Should I be investing in cryptocurrencies? - An investor's guide to the Bitcoin conundrum

"Should I be investing in cryptocurrencies?" This seems to be the question on everybody's lips at the moment, from experienced, long term investors to those who have never considered investing before, but don't want to miss an opportunity to turn a quick buck. I have been asked this question by numerous clients and friends and also been in a number of fairly heated debates on this topic, with one individual accusing me of selling my clients short by not actively encouraging them to purchase a portfolio of cryptocurrencies. Like everybody else out there, I have questioned whether I am missing a trick here. It is hard not to be tempted by the lure of massive returns on your money over an incredibly short time.
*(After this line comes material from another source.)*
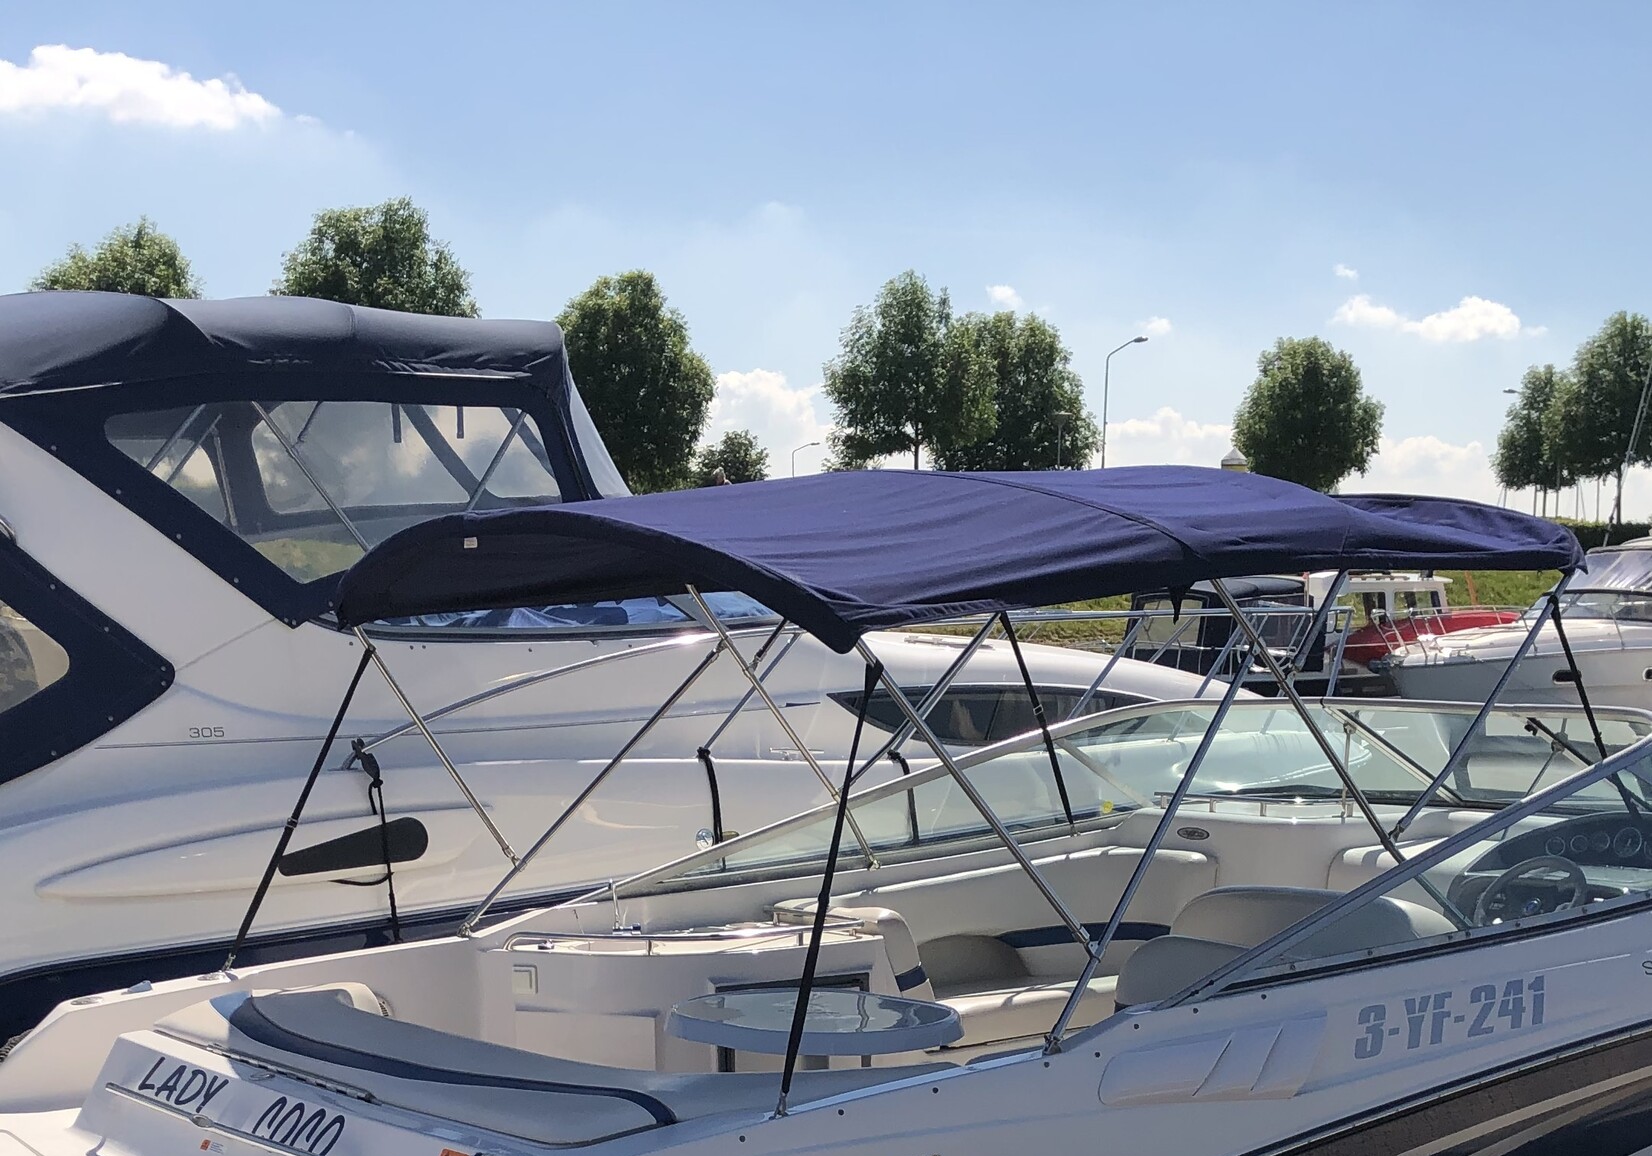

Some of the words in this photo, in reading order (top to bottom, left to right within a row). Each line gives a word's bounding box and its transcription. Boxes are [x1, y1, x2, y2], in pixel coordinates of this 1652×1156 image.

[189, 726, 225, 739] 305
[1354, 975, 1545, 1060] 3-YF-241
[138, 1056, 230, 1113] LADY
I have therefore looked at it as forensically as I can to determine whether there is any merit to holding cryptocurrencies for the investors I work with. Now, it is important to point out that I work with medium to long term investors. If you are looking for an investment that will triple in value over a year, I am probably not your man. In order to answer many of the questions I am asked, I have put together a fairly in-depth article to look at all aspects of cryptocurrency. I will look at the historical aspects of asset bubbles and also look at whether a cryptocurrency is an investment or a currency, or neither. I will look at the hurdles (government regulation, corruption, market manipulation) facing cryptocurrencies and whether these are insurmountable or not. I will end with a summary of my views and whether long term investors should be holding cryptocurrency or not. I hope you find this article useful, but if you have any questions, please feel free to give us a call. We are always happy to help.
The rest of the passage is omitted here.